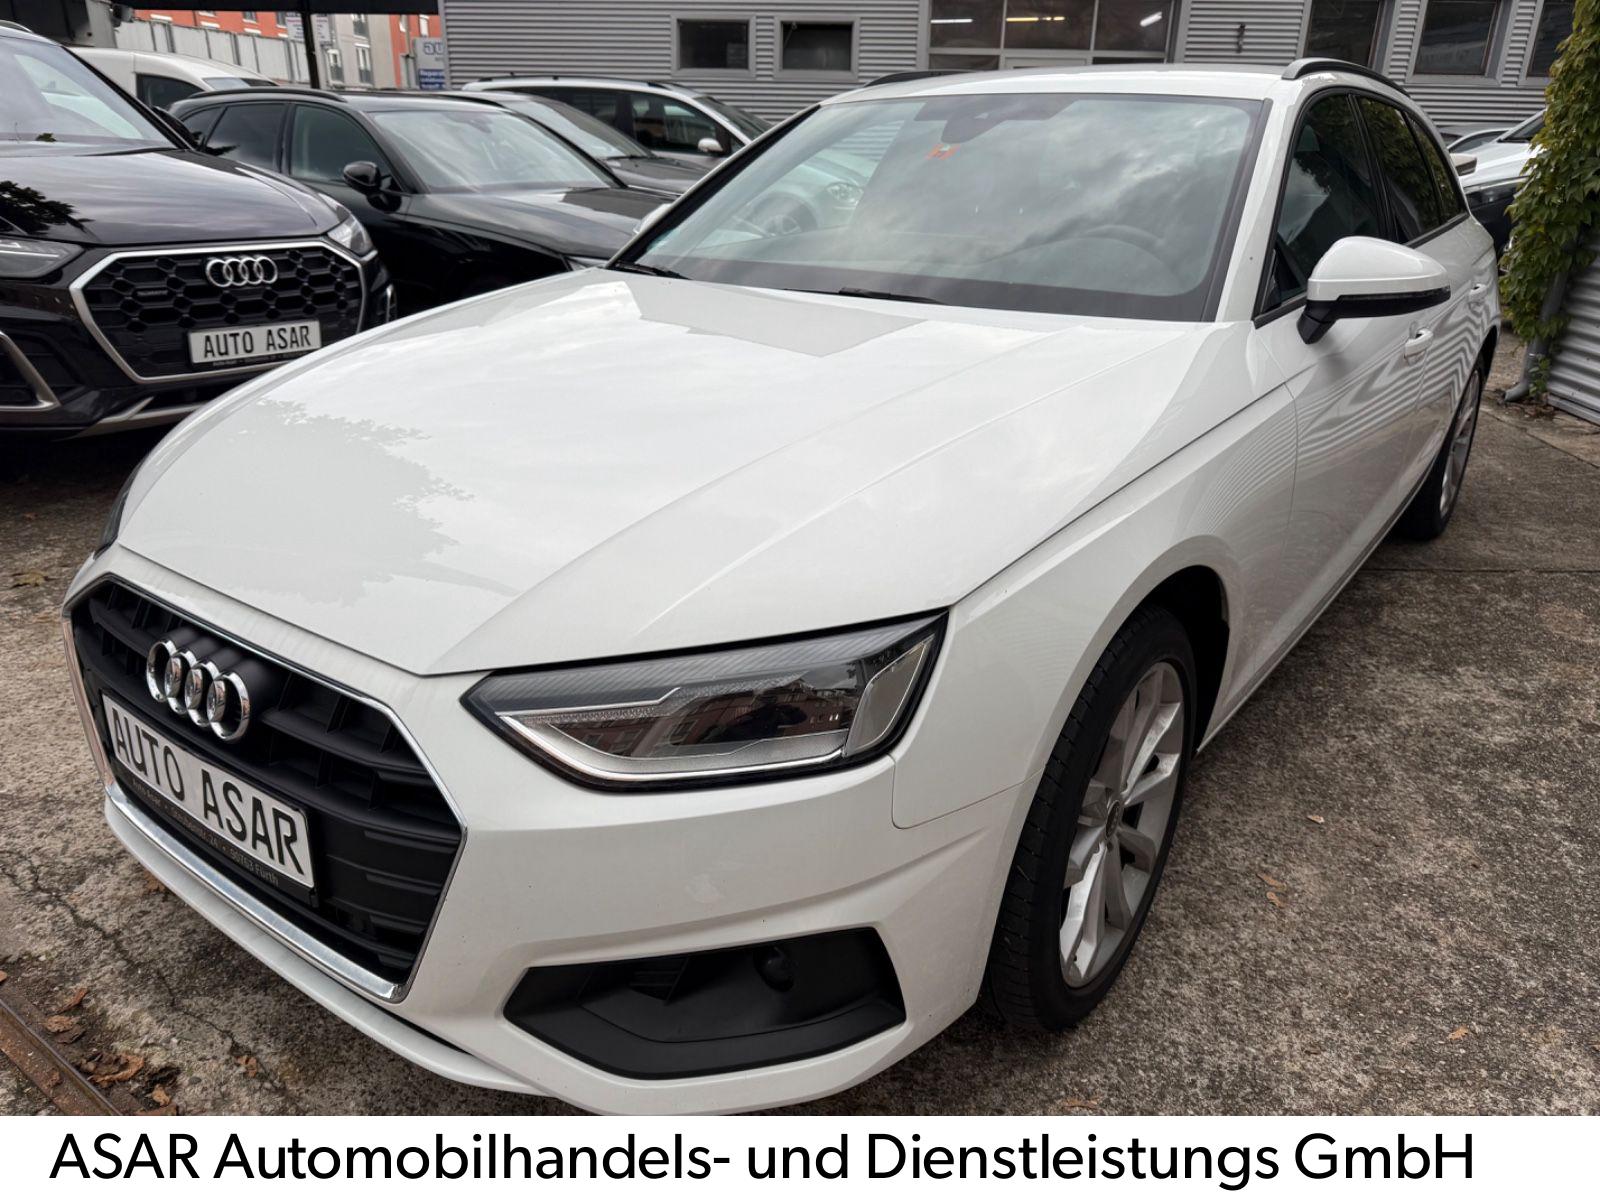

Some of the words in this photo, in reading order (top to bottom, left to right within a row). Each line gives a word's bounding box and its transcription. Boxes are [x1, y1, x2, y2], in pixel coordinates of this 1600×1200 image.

[204, 331, 254, 359] AUTO
[266, 325, 311, 351] ASAR
[111, 706, 186, 802] AUTO
[201, 770, 305, 876] ASAR
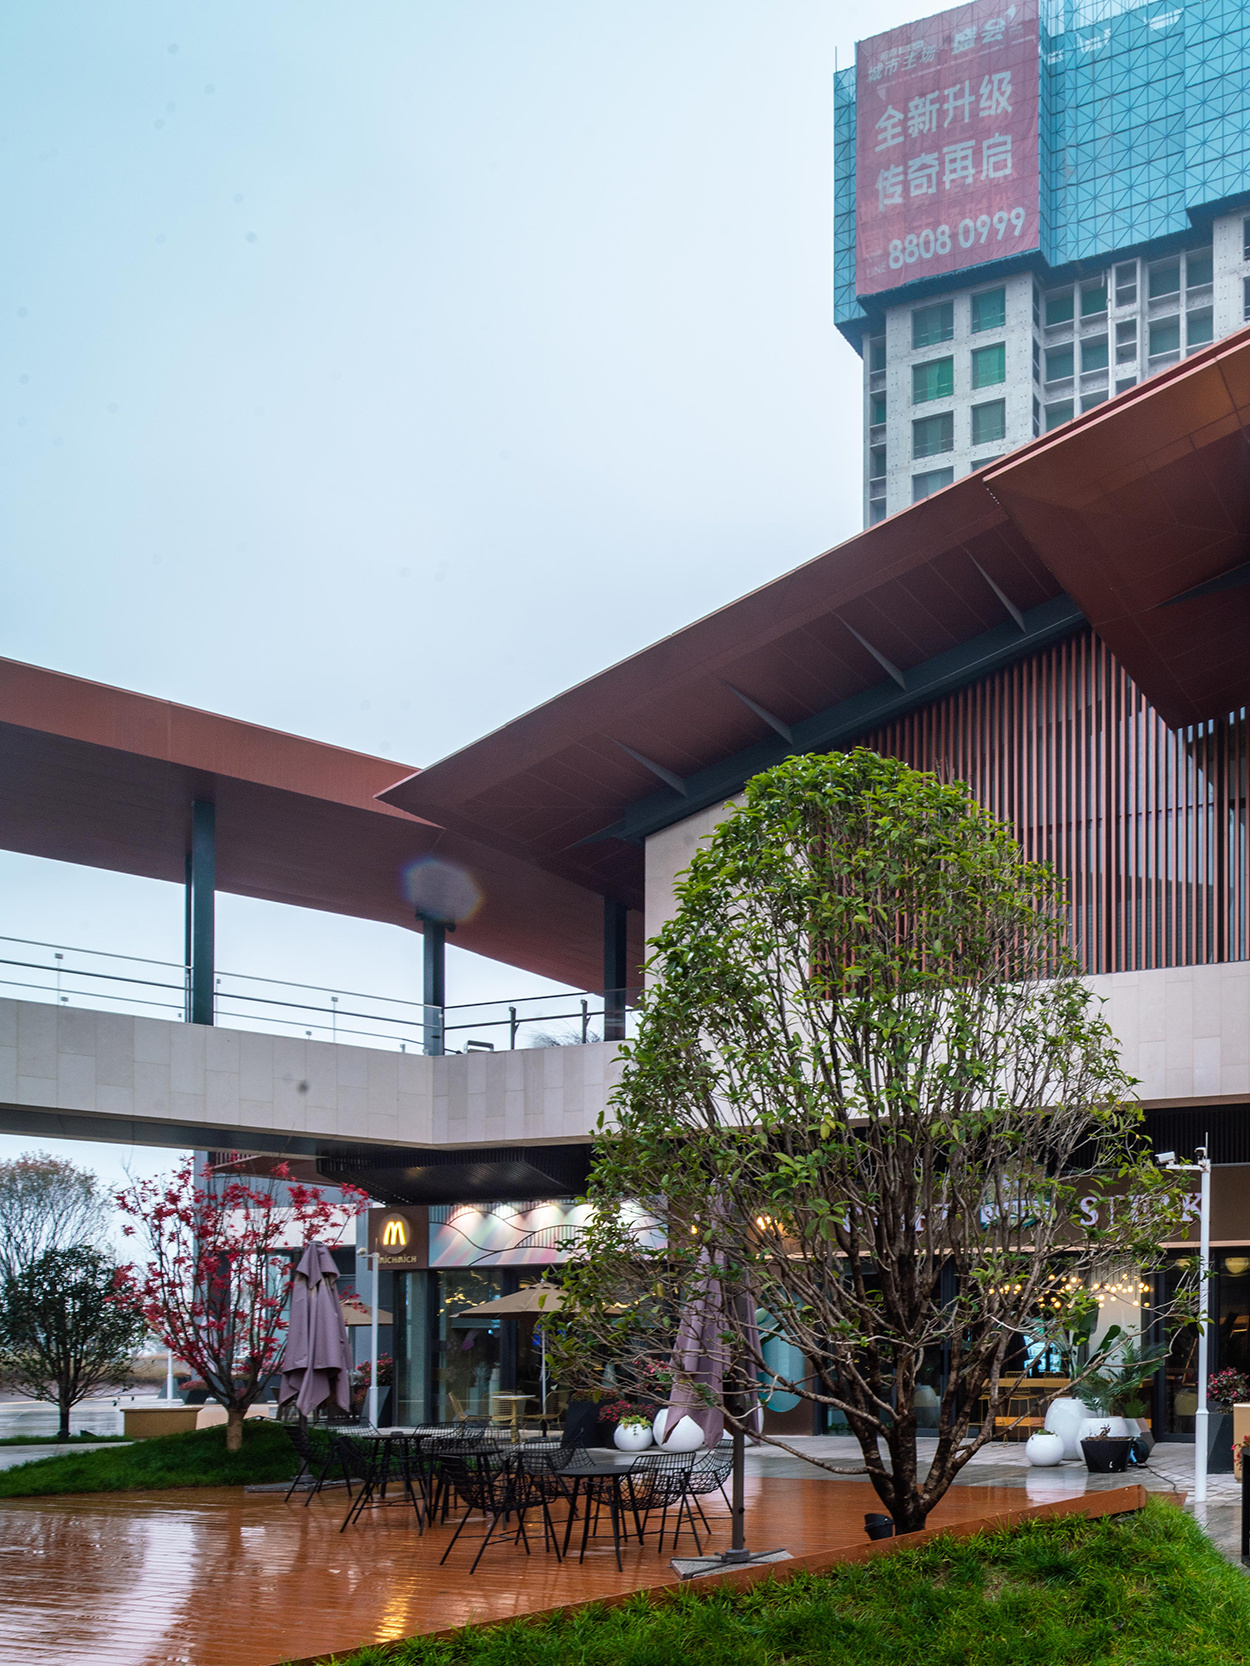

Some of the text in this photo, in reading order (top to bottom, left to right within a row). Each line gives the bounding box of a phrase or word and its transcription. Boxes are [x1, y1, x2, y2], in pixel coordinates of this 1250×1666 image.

[951, 17, 1006, 55] 盛会
[875, 71, 1013, 152] 全新升级
[875, 133, 1013, 213] 传奇再启
[889, 207, 1026, 270] 8808 0999

================

Problem requirements. Could you copy the data above exactly, leaving the pictures out?

Written solution.
Some of the words in this photo, in reading order (top to bottom, left to right within a row). Each line gives a word's bounding box and its transcription. Boxes are [x1, y1, x2, y2], in pixel coordinates of this 1600×1200 image.

[204, 331, 254, 359] AUTO
[266, 325, 311, 351] ASAR
[111, 706, 186, 802] AUTO
[201, 770, 305, 876] ASAR

Some of the text in this photo, in reading order (top to bottom, left to right within a row). Each line gives the bounding box of a phrase or word and its transcription. Boxes are [x1, y1, x2, y2], in pixel coordinates of this 1250×1666 image.

[951, 17, 1006, 55] 盛会
[875, 71, 1013, 152] 全新升级
[875, 133, 1013, 213] 传奇再启
[889, 207, 1026, 270] 8808 0999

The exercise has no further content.